Administrative info
  PA1 solutions on Piazza
  HW4 out today, due Monday
  PA2 out today
  MT1 next Tuesday
  Review session Sunday 7/10 5pm in 310 Soda

  Last time, we reviewed polynomials and saw how to reconstruct a
  polynomial of degree d given d+1 points. Then we saw a procedure for
  sharing a secret among n people such that k of them are needed to
  recover it: construct a degree k-1 polynomial P(x) modulo some large
  prime q such that P(0) ≡ s (mod q), the secret. Then give each
  person a different point from the polynomial. If k of them
  cooperate, they can reconstruct the degree k-1 P(x) and compute P(0)
  to retrieve the secret.

Error Correction
  We know turn our attention to another application of polynomials,
  that of sending messages over unreliable networks.

  Consider the following situations:
  (1) FM radio has a range of ~10 miles, transmission power ~100 KW
  (2) GPS satellite: 10,000 miles, 50 W
      (reception power goes down by square of distance, so 2 billion
      times weaker)
  (3) Voyager space probe: 10 billion miles, 12-18 W
      (10^22 times weaker)
  Why is it that FM reception is flaky, but GPS works quite well, and
  we can communicate with Voyager? Error correcting codes!

  We want to be able to send long messages over unreliable channels
  but still be able to recover the message. (For example, sending a
  picture from a Neptune probe to Earth.) If a message is split into
  multiple packets, some of those may be lost. Our assumption is that
  the packets are labelled, so we know which packets are lost. We also
  assume that packets either arrive correctly in their entirety or are
  completely lost (i.e. they have been "erased"). (Maybe they arrive
  corrupted, but we assume we can detect this and throw them away.)

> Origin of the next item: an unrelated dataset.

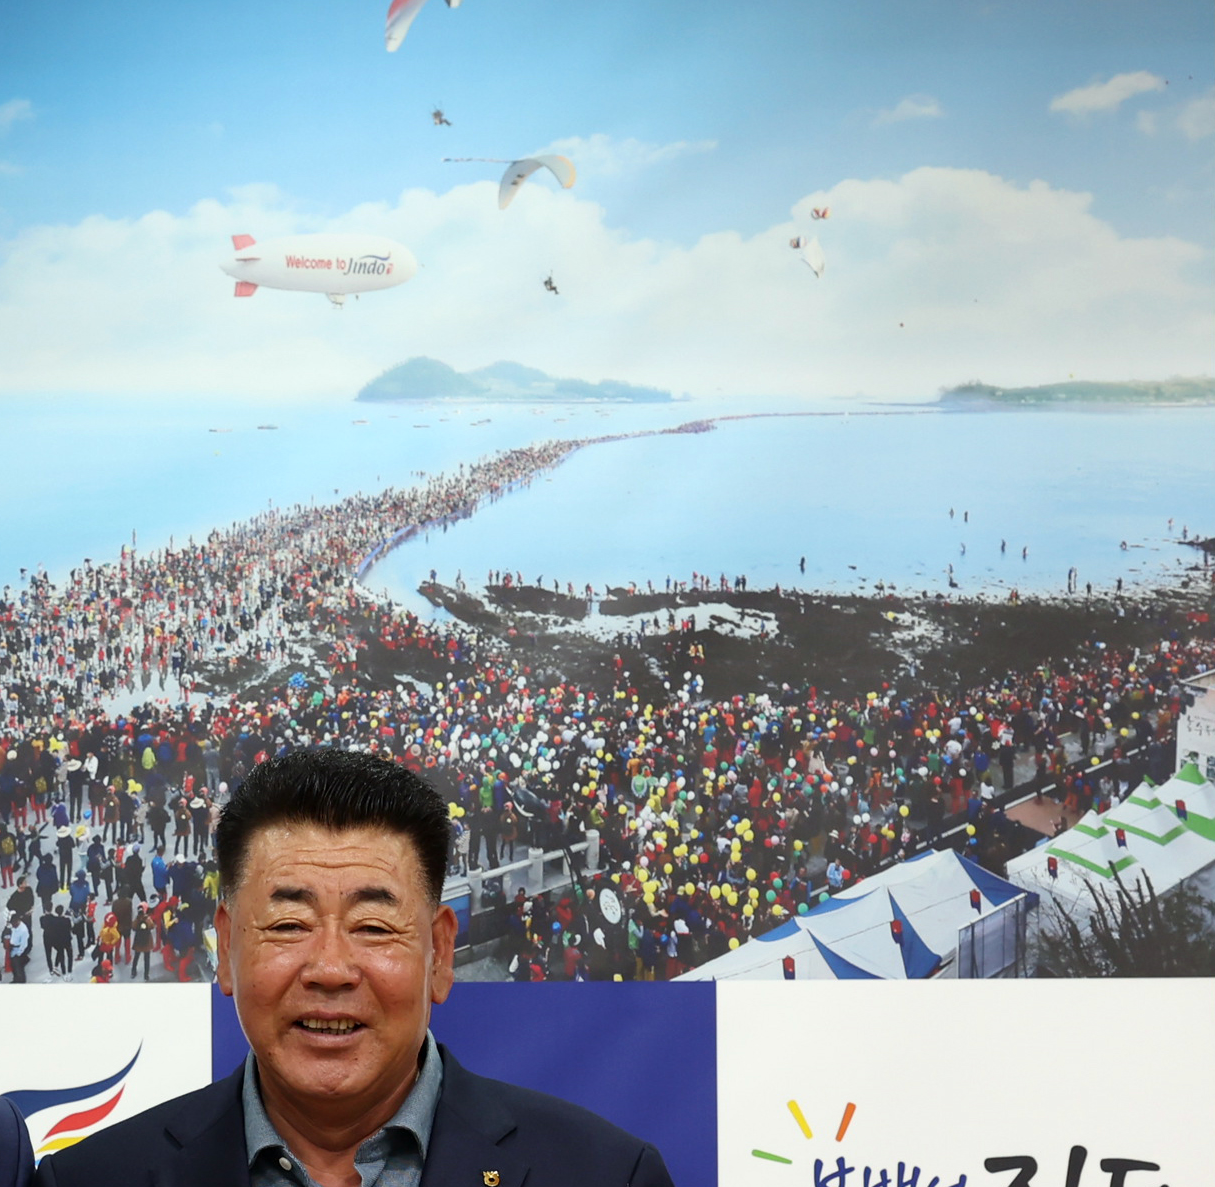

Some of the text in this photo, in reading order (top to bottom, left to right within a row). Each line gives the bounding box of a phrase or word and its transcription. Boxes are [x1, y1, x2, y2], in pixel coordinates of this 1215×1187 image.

  Suppose we divide a message into n 100 bit packets, m_1, m_2, ...,
  m_n. How can we send them so that they can be recovered reliably?
  Let's assume that no more than k losses. (In practice, we'd pick
  some k such that there is a very high probability that no more than
  k are lost.)

  We could just send each packet m_i many times, so that we can ensure
  that at least one copy of each packet arrives at the destination.
  But this is inefficient, since it transmits a lot of redundant

  Instead, we use polynomials to reduce the amount of redundant
  information we have to send. We use the following scheme:
  (1) Pick a prime q, q > 2^100 (so all 100 bit packets can be
      represented). (Note: The receiver must know what q is! So
      transmitter and receiver must agree beforehand on the value of
  (2) Construct the degree n-1 polynomial over GF(q)
        P(x) ≡ m_n x^{n-1} + m_{n-1} x^{n-1} + ... + m_2 x + m_1
  (3) Transmit the n+k encoded packets P(1), P(2), ..., P(n+k).
  Does this scheme work? We assumed that no more than k packets are
  lost, so at least n packets arrive at Earth from Neptune. Then
  mission control performs Lagrange interpolation to reconstruct P(x)
  and reads off the resulting coefficients as the intended message.

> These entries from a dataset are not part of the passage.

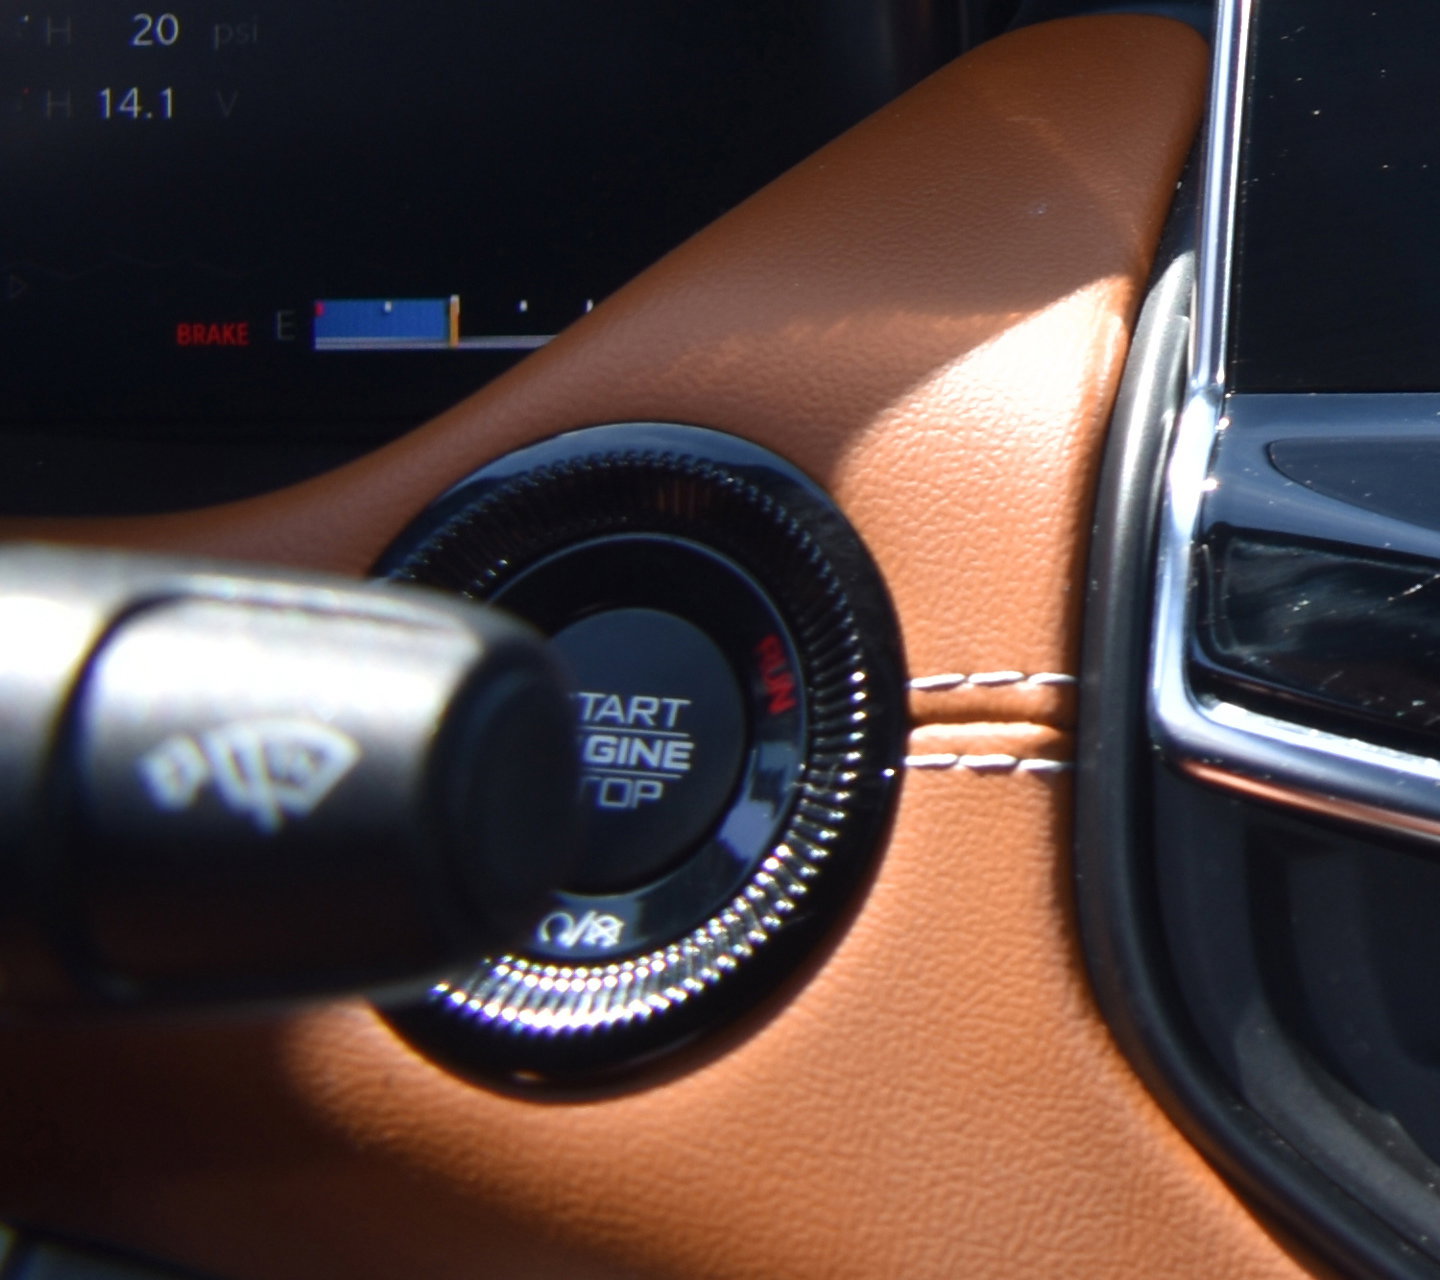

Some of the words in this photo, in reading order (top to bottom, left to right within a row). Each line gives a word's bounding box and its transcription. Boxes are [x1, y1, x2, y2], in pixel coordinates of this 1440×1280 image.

[129, 13, 179, 47] 20
[98, 87, 172, 119] 14.1
[176, 322, 248, 346] BRAKE
[576, 691, 691, 728] TART
[581, 733, 695, 772] GINE

  Note that this scheme sends a lot less information than the naive
  method of sending the same packet multiple times. It only requires
  n+k packets rather than some c*n.

  EX: Suppose we want to send the message (5, 0, 4, 1) with a maximum
      of 2 packets getting lost. Then:
      (1) We pick q = 7 > 5 so that all our packets can be
      (2) We construct the degree 3 polynomial
            P(x) ≡ 1x^3 + 4x^2 + 0x + 5 (mod 7)
                 ≡ x^3 + 4x^2 + 5 (mod 7).
      (3) We transmit n+k = 6 packets
            P(1) ≡ 3 (mod 7)
            P(2) ≡ 1 (mod 7)
            P(3) ≡ 5 (mod 7)
            P(4) ≡ 0 (mod 7)
            P(5) ≡ 6 (mod 7)
            P(6) ≡ 1 (mod 7)
      Now as long as at least 4 packets, the receivier can reconstruct
        P(x) ≡ 1x^3 + 4x^2 + 0x + 5 (mod 7)
      and read off the message (5, 0, 4, 1).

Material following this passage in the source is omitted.